### Task material

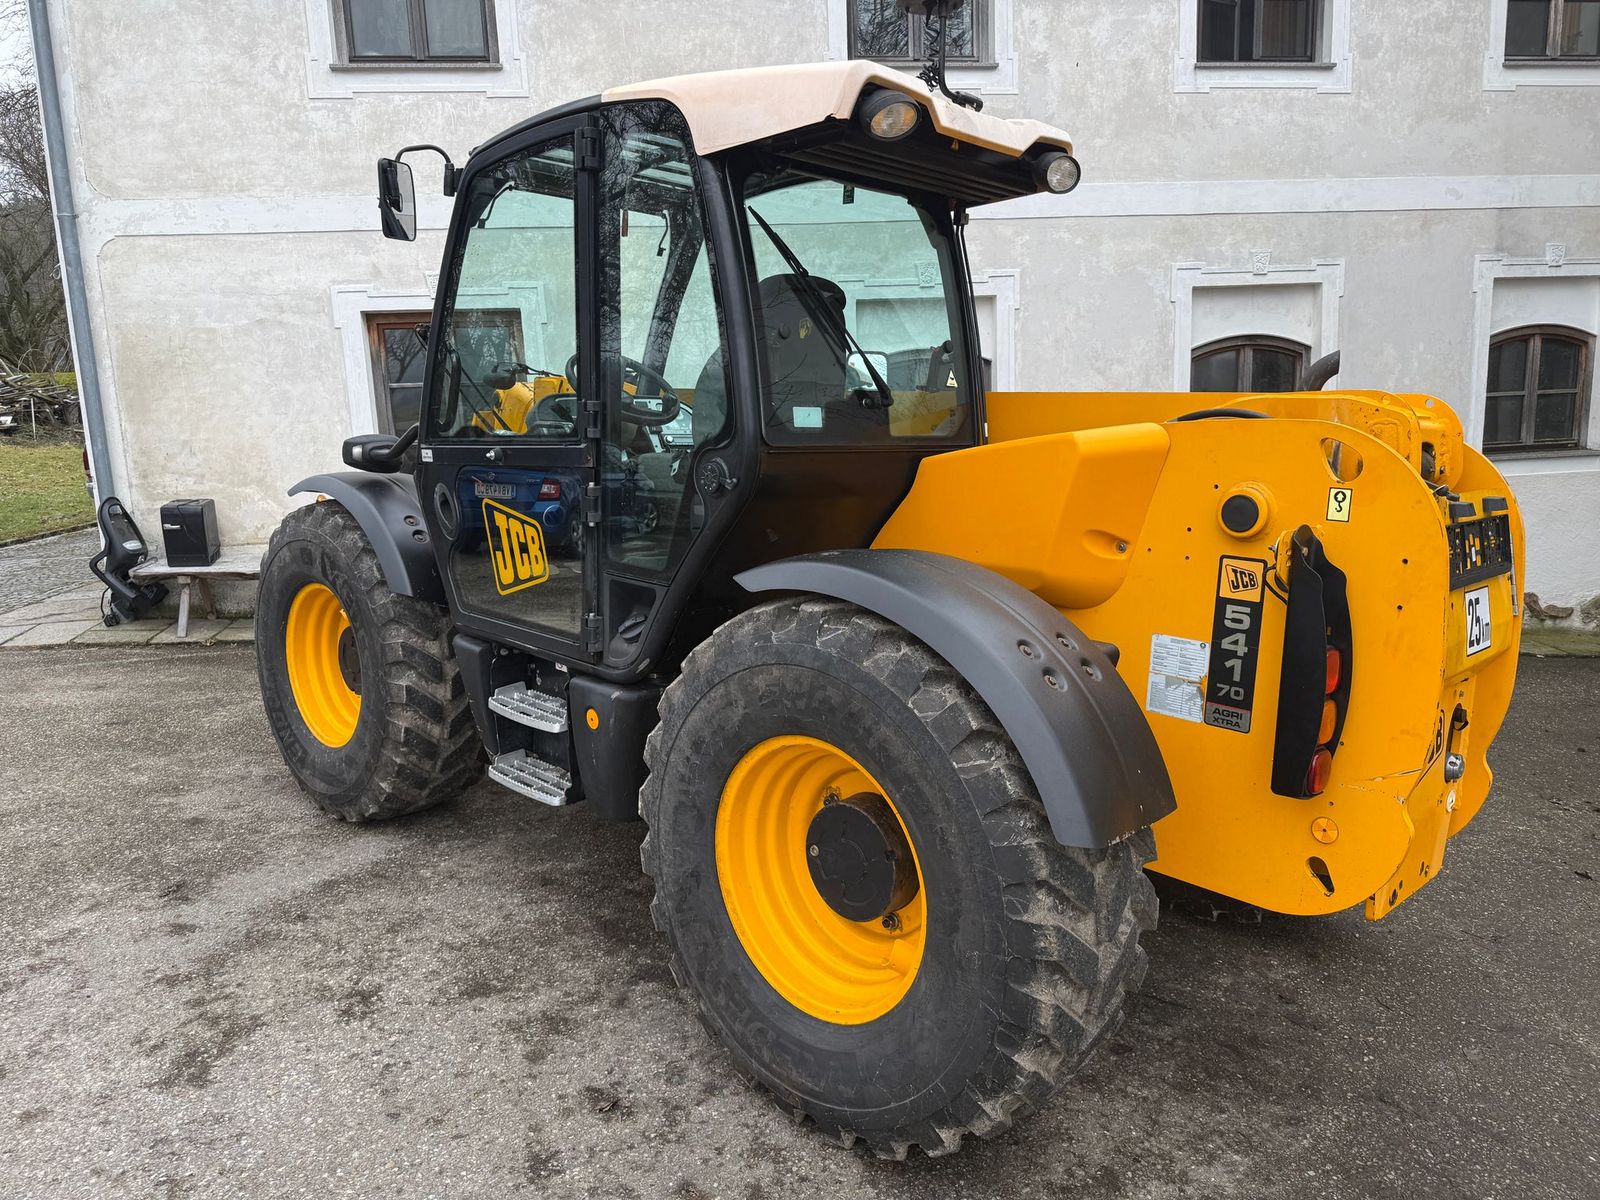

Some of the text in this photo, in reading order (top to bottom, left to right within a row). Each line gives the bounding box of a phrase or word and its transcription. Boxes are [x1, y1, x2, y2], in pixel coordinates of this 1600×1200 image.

[493, 510, 545, 585] JCB
[1231, 567, 1257, 590] JCB
[1468, 597, 1481, 648] 25
[1216, 683, 1245, 701] 70
[1212, 706, 1243, 721] AGRI
[1212, 716, 1241, 729] XTRA

### Exercise prompt
Write out the entries above verbatim, without pictures.

### Solution for this task
Some of the text in this photo, in reading order (top to bottom, left to right within a row). Each line gives the bounding box of a phrase or word and its transcription. Boxes are [x1, y1, x2, y2], in pixel coordinates of this 1600×1200 image.

[493, 510, 545, 585] JCB
[1231, 567, 1257, 590] JCB
[1468, 597, 1481, 648] 25
[1216, 683, 1245, 701] 70
[1212, 706, 1243, 721] AGRI
[1212, 716, 1241, 729] XTRA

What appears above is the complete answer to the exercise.